### Given data:
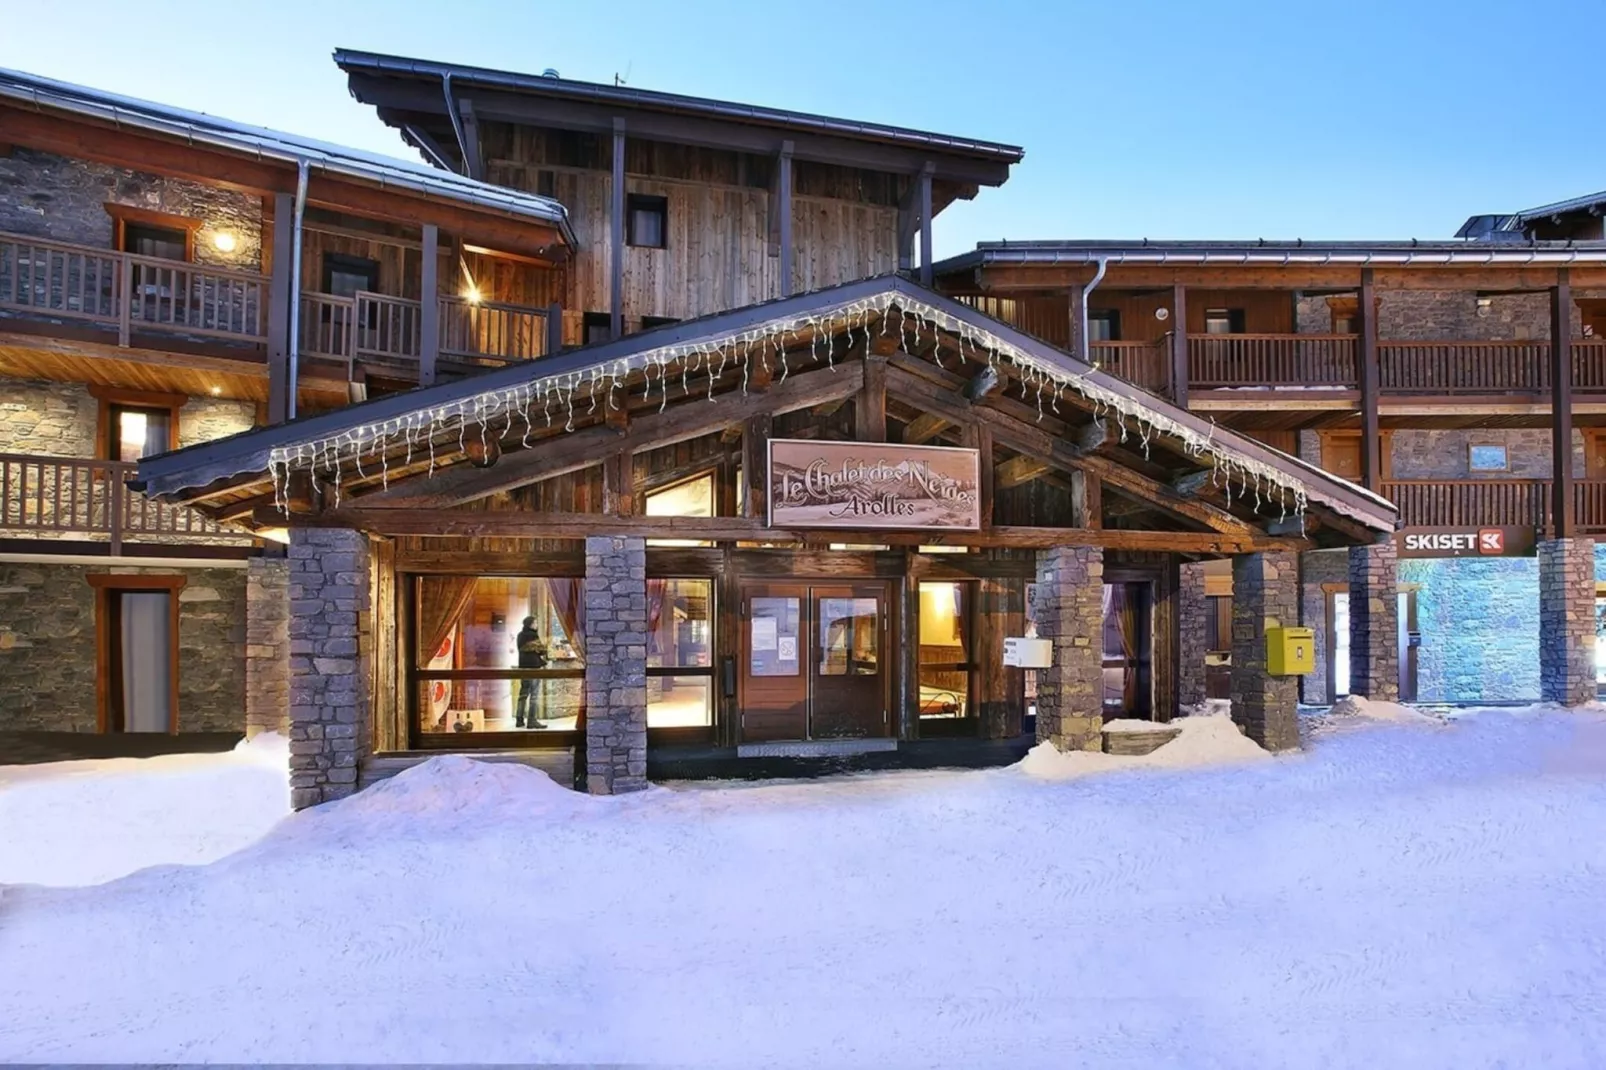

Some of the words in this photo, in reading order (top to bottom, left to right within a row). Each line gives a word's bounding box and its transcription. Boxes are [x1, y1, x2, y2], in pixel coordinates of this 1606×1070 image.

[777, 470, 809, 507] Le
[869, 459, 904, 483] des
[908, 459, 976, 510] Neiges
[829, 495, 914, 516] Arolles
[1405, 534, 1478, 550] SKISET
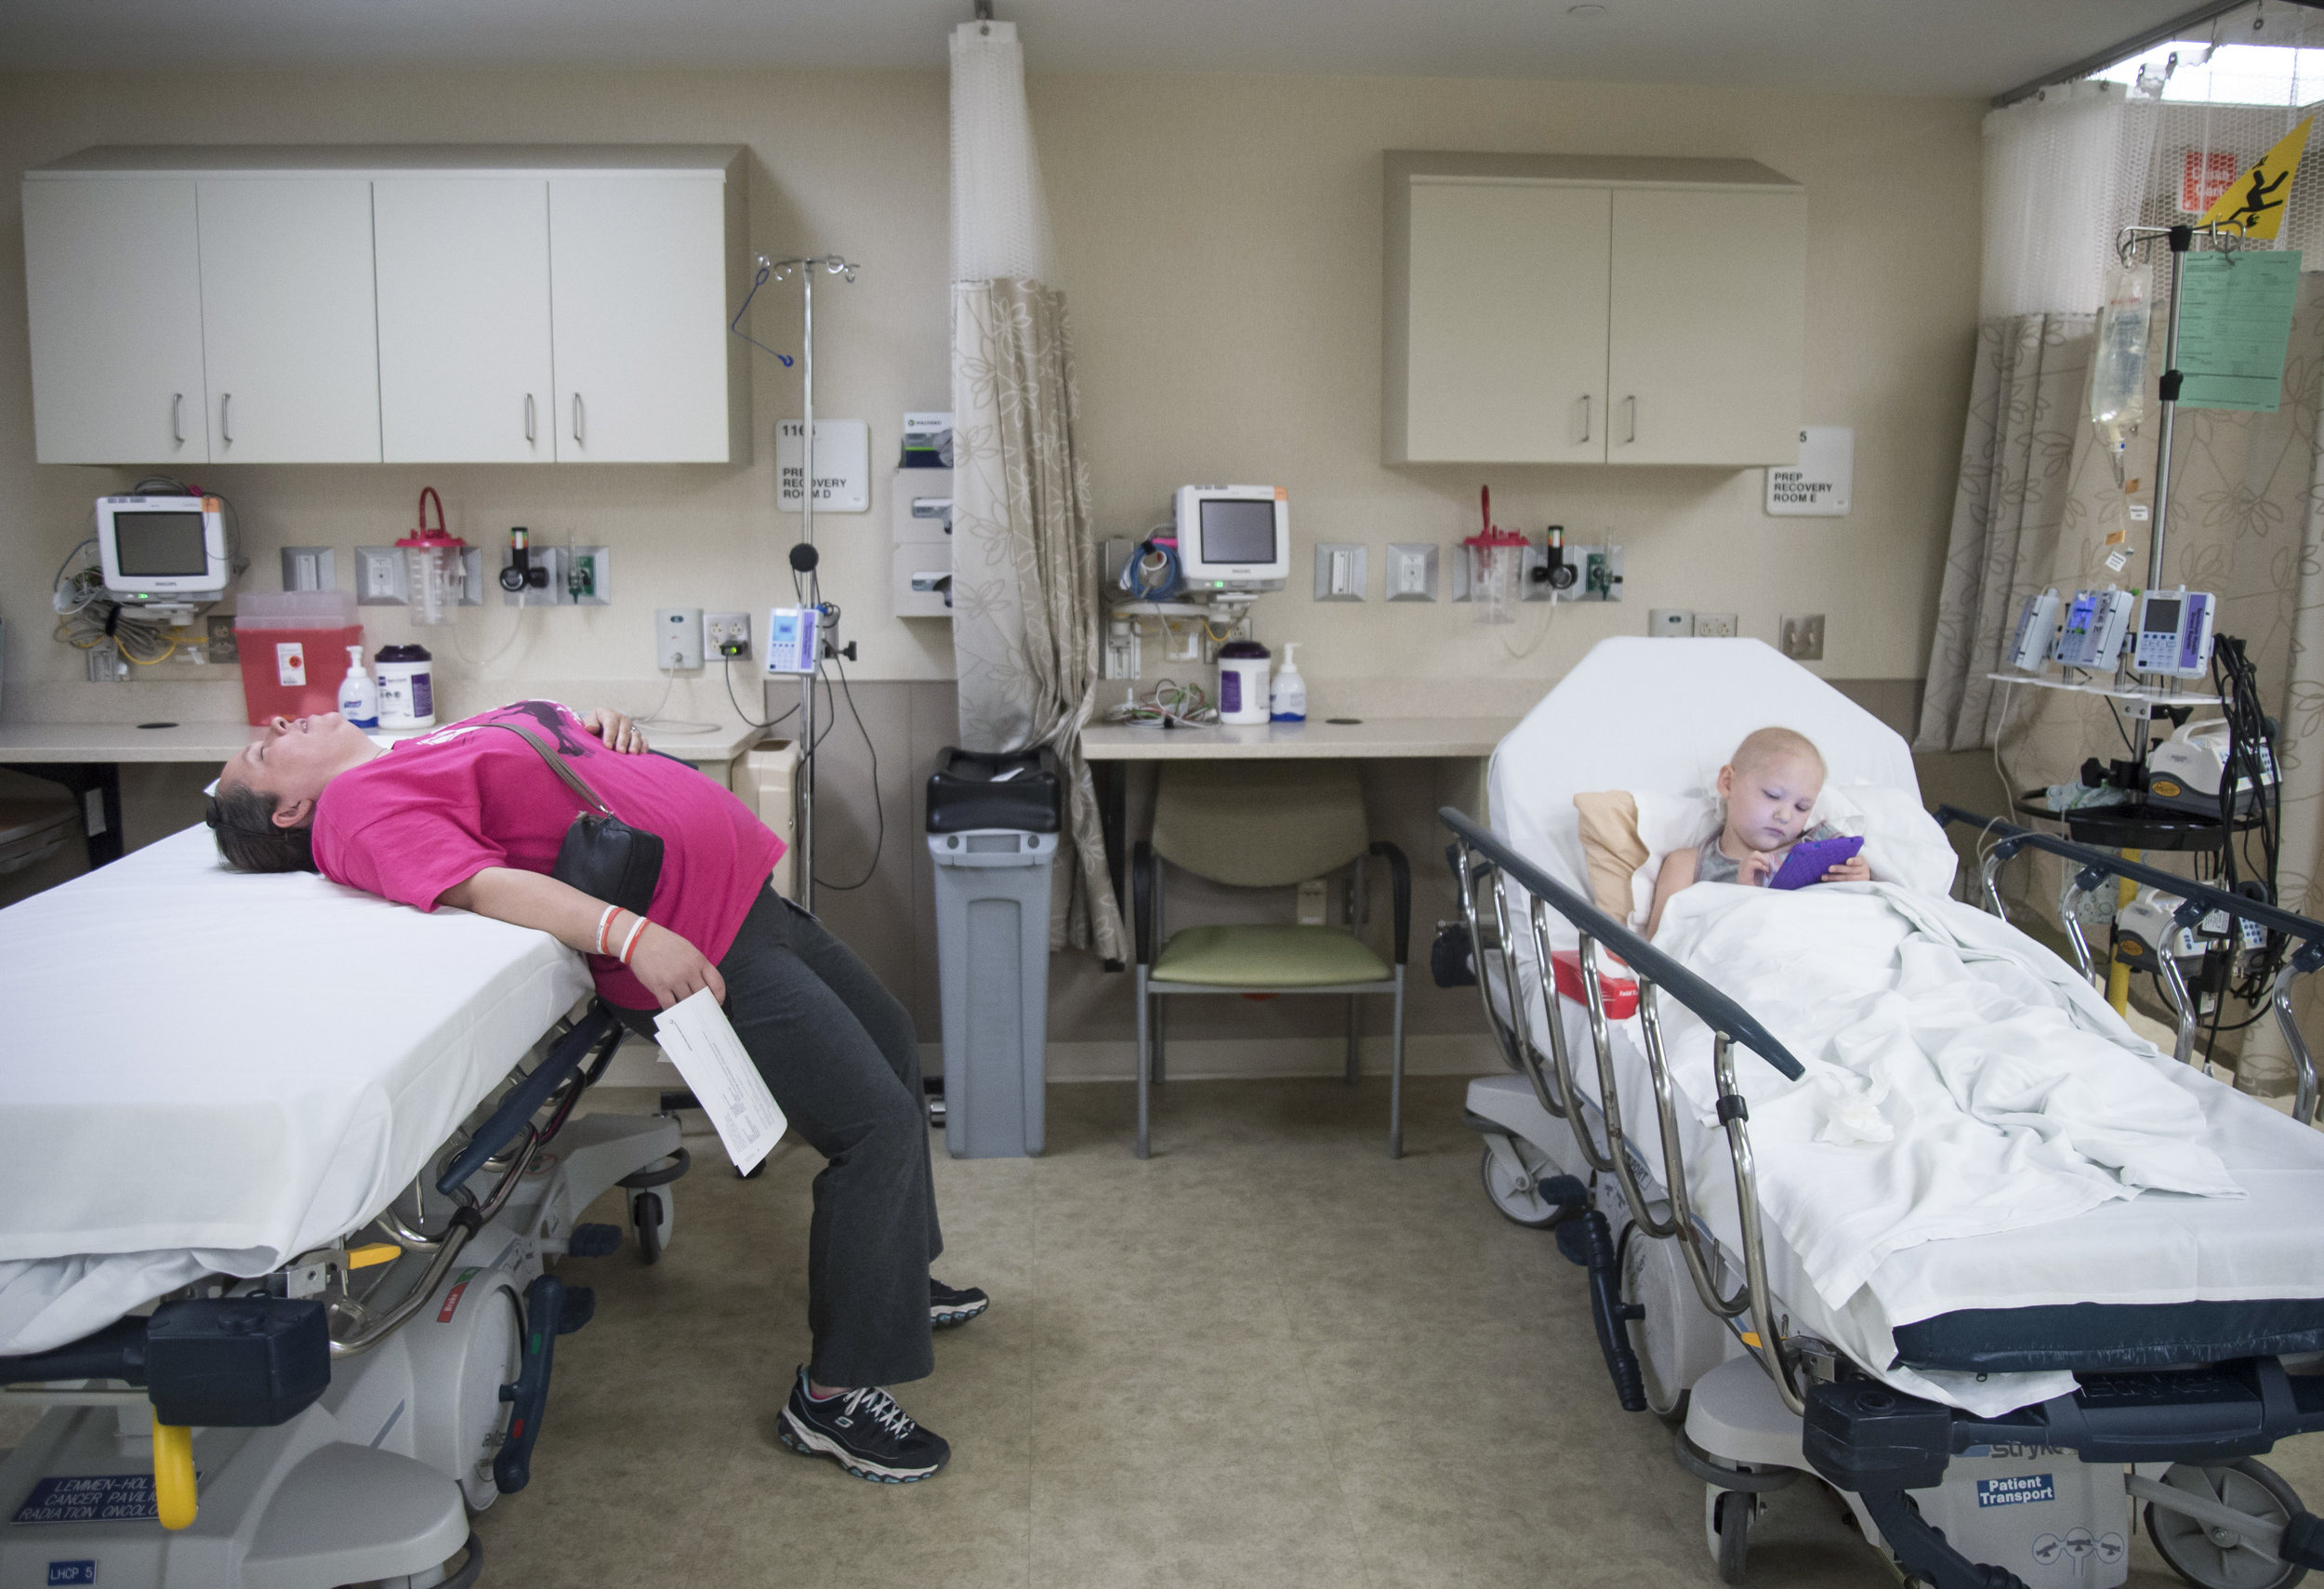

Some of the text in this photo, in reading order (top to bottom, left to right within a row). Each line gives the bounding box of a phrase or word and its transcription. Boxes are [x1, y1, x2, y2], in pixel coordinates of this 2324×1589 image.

### What the task requires:
Would you write out an exact copy of the entries above, with no images?

### Response area:
Some of the words in this photo, in reading order (top to bottom, left to right within a row). Each line gives a word's bounding box and its transcription. Boxes are [x1, y1, x2, y2], in pixel coordinates of this 1606×1070 image.

[777, 470, 809, 507] Le
[869, 459, 904, 483] des
[908, 459, 976, 510] Neiges
[829, 495, 914, 516] Arolles
[1405, 534, 1478, 550] SKISET

Some of the text in this photo, in reading order (top to bottom, left to right within a row). Each line gives the bounding box of a phrase or word and its transcription. Boxes are [x1, y1, x2, y2], in pixel coordinates of this 2324×1589 image.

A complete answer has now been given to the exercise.